Image-backed grounding data
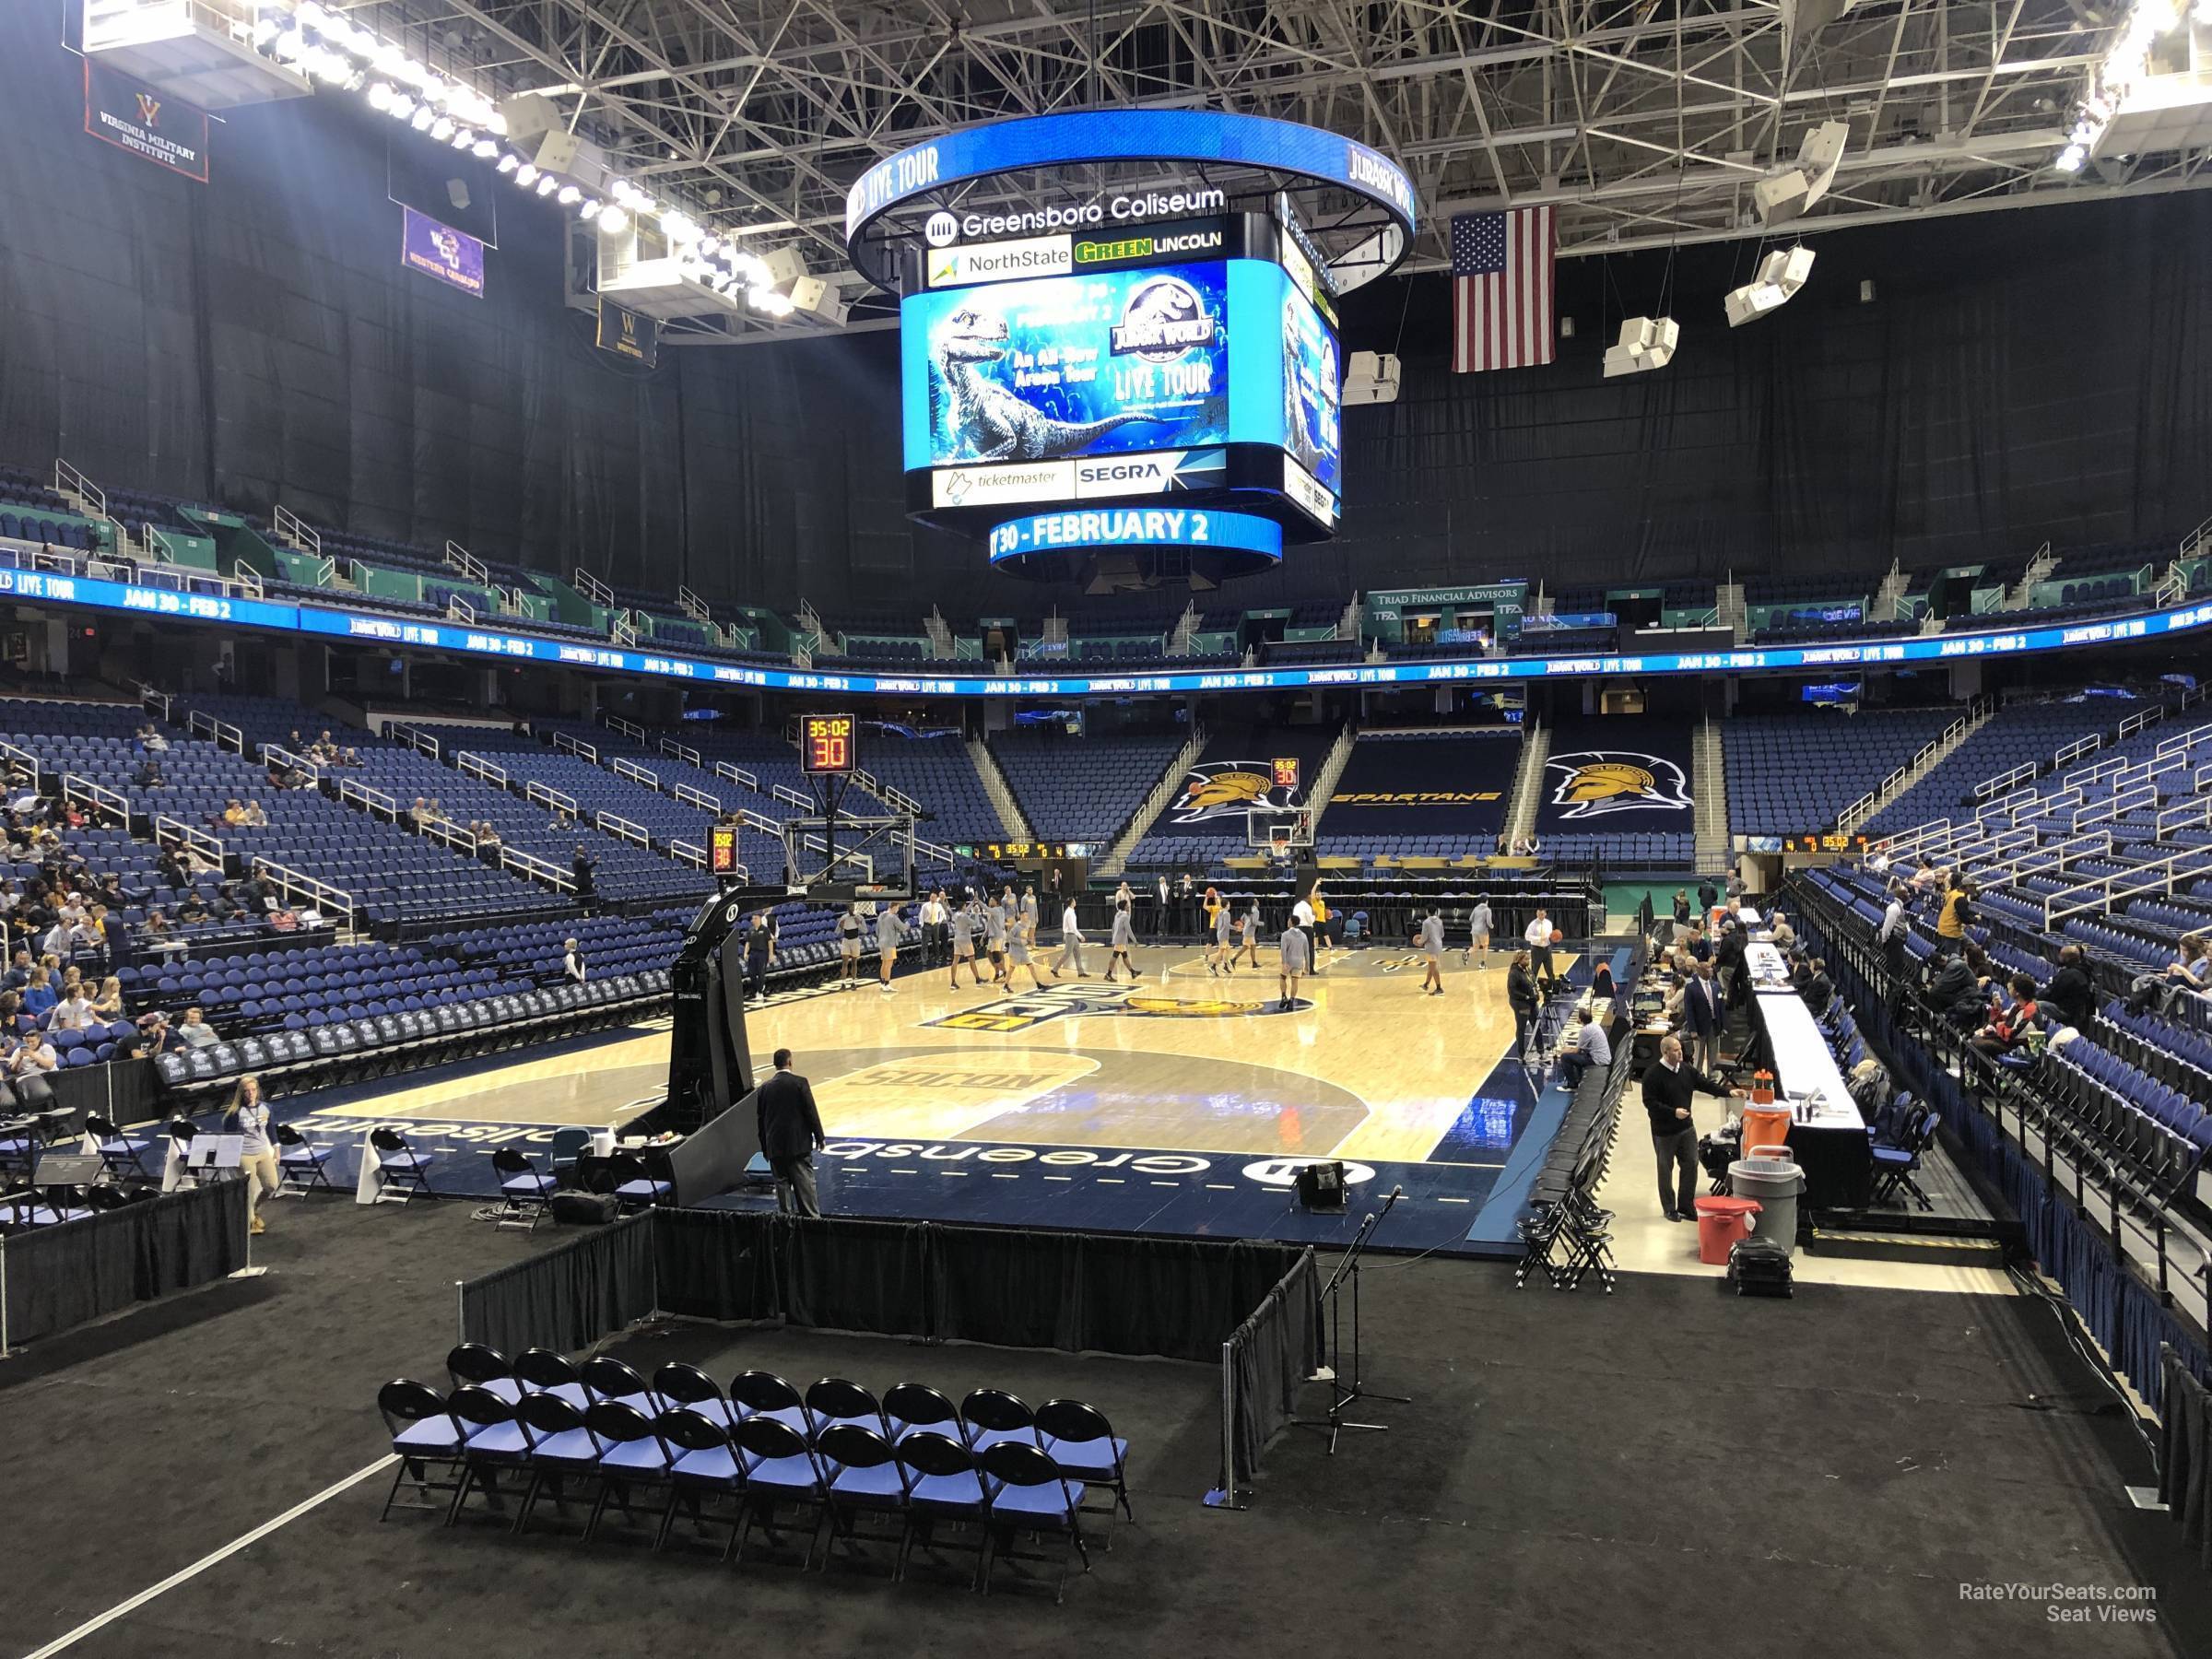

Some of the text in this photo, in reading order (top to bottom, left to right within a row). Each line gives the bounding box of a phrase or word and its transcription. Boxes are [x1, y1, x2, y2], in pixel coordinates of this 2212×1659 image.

[100, 112, 195, 160] VIRGINIA MILITARY
[122, 134, 175, 164] INSTITUTE
[868, 164, 894, 210] LIVE
[897, 147, 939, 194] TOUR
[963, 189, 1224, 237] Greensboro Coliseum
[1075, 231, 1222, 263] GREEN LINCOLN
[970, 247, 1069, 272] NorthState
[1162, 319, 1212, 346] WORLD
[1114, 363, 1211, 401] LIVE TOUR
[978, 471, 1057, 488] ticketmaster
[1080, 464, 1161, 482] SEGRA
[998, 528, 1018, 553] 30
[1033, 512, 1185, 545] FEBRUARY
[1191, 514, 1208, 541] 2
[18, 575, 42, 595] LIVE
[47, 578, 75, 599] TOUR
[124, 589, 230, 618] JAN 30 FEB 2
[1378, 589, 1518, 606] TRIAD FINANCIAL ADVISORS
[1372, 611, 1399, 621] TFA
[1496, 604, 1524, 615] TFA
[466, 634, 533, 655] JAN 30 FEB 2
[1940, 636, 2027, 655] JAN 30 FEB 2
[1677, 654, 1765, 669] JAN 30 FEB 2
[1831, 649, 1860, 663] WORLD
[1864, 648, 1881, 661] LIVE
[1883, 646, 1905, 659] TOUR
[1429, 665, 1509, 678] JAN 30 FEB 2
[1573, 661, 1601, 673] WORLD
[1603, 660, 1620, 672] LIVE
[1622, 659, 1642, 671] TOUR
[788, 676, 849, 689] JAN 30 FEB 2
[983, 682, 1058, 693] JAN 30 FEB 2
[1200, 675, 1274, 688] JAN 30 FEB 2
[810, 721, 850, 736] 35:02
[816, 738, 845, 766] 30
[1275, 761, 1296, 770] 35:02
[1277, 770, 1294, 783] 30
[1330, 793, 1502, 802] SPARTANS
[715, 833, 732, 847] 35:02
[1006, 844, 1030, 853] 35:02
[1787, 841, 1794, 851] 4
[1823, 837, 1848, 847] 35:02
[716, 849, 730, 865] 30
[787, 886, 807, 895] SPALDING
[845, 1070, 1062, 1090] SOCON
[821, 1142, 1210, 1174] Greensb
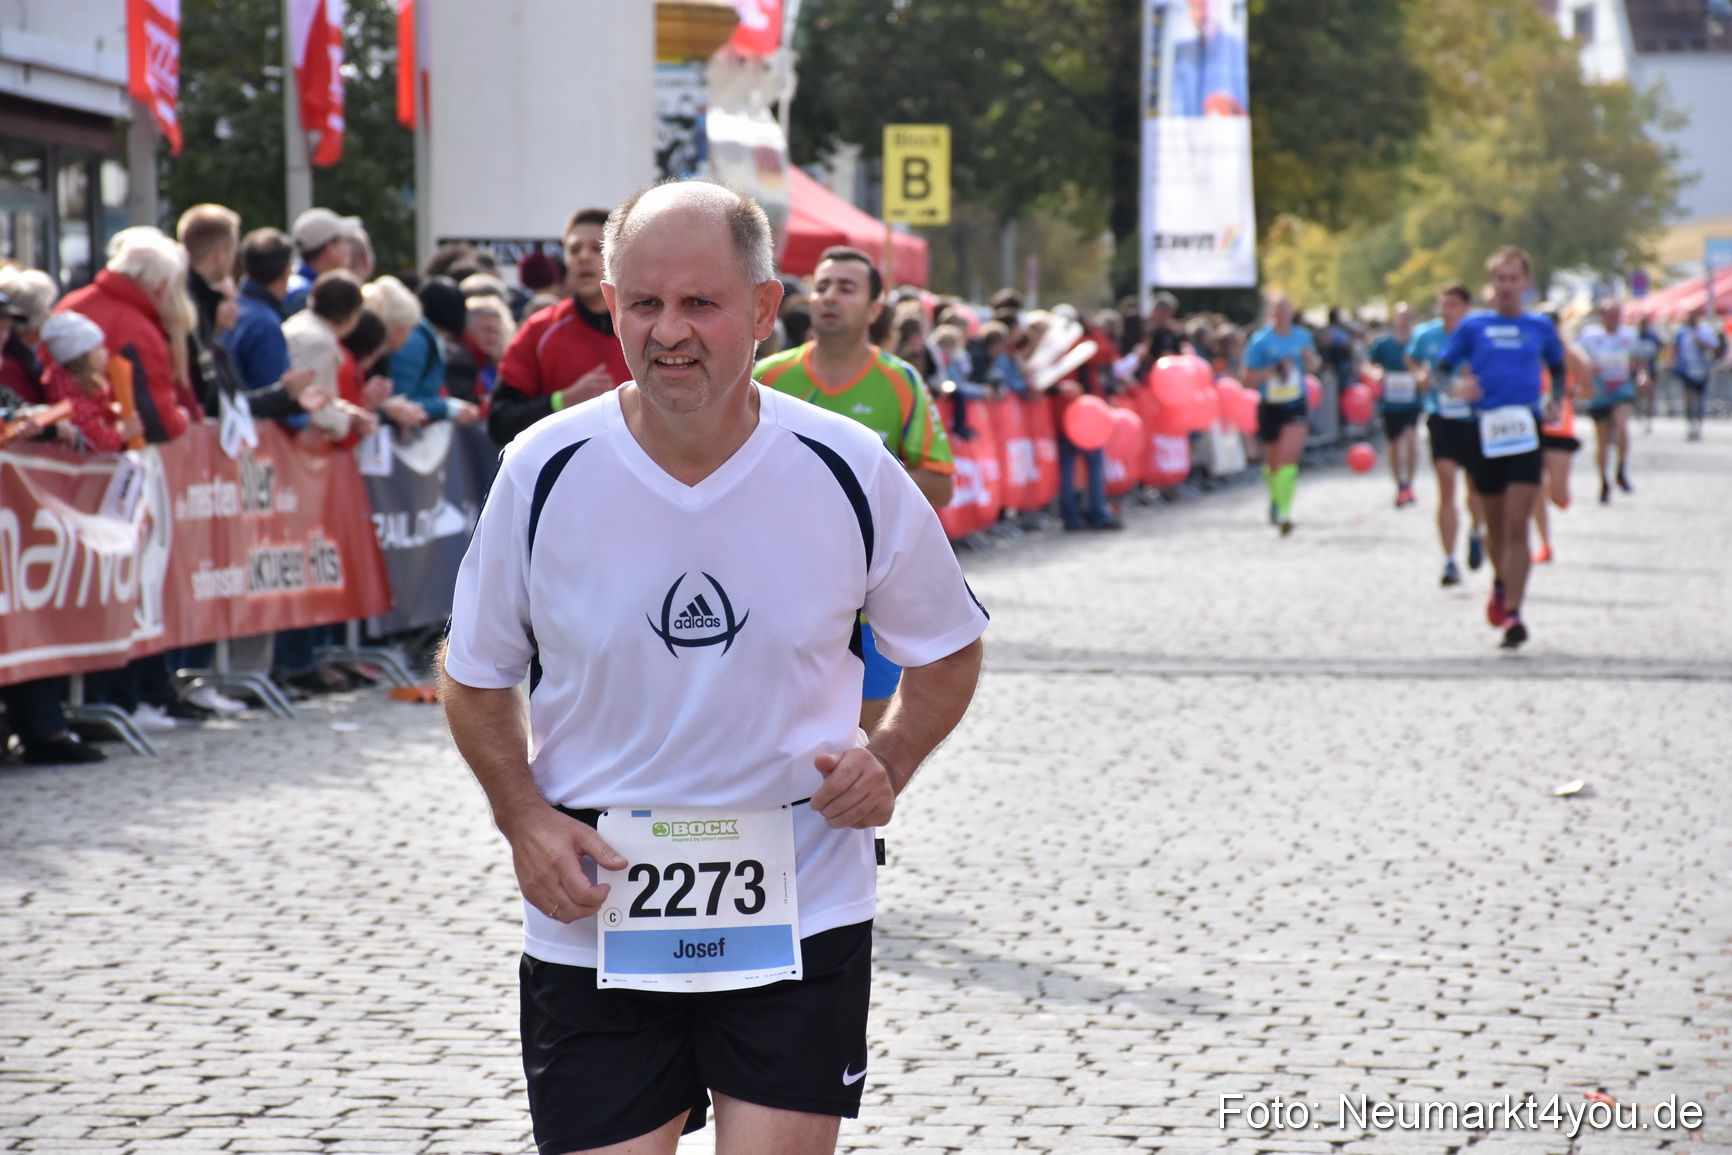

• WHAT TO WORK ON:
The lines to show are those in the data above that include "TOUR".

• EXPECTED ANSWER:
[897, 147, 939, 194] TOUR
[1114, 363, 1211, 401] LIVE TOUR
[47, 578, 75, 599] TOUR
[1883, 646, 1905, 659] TOUR
[1622, 659, 1642, 671] TOUR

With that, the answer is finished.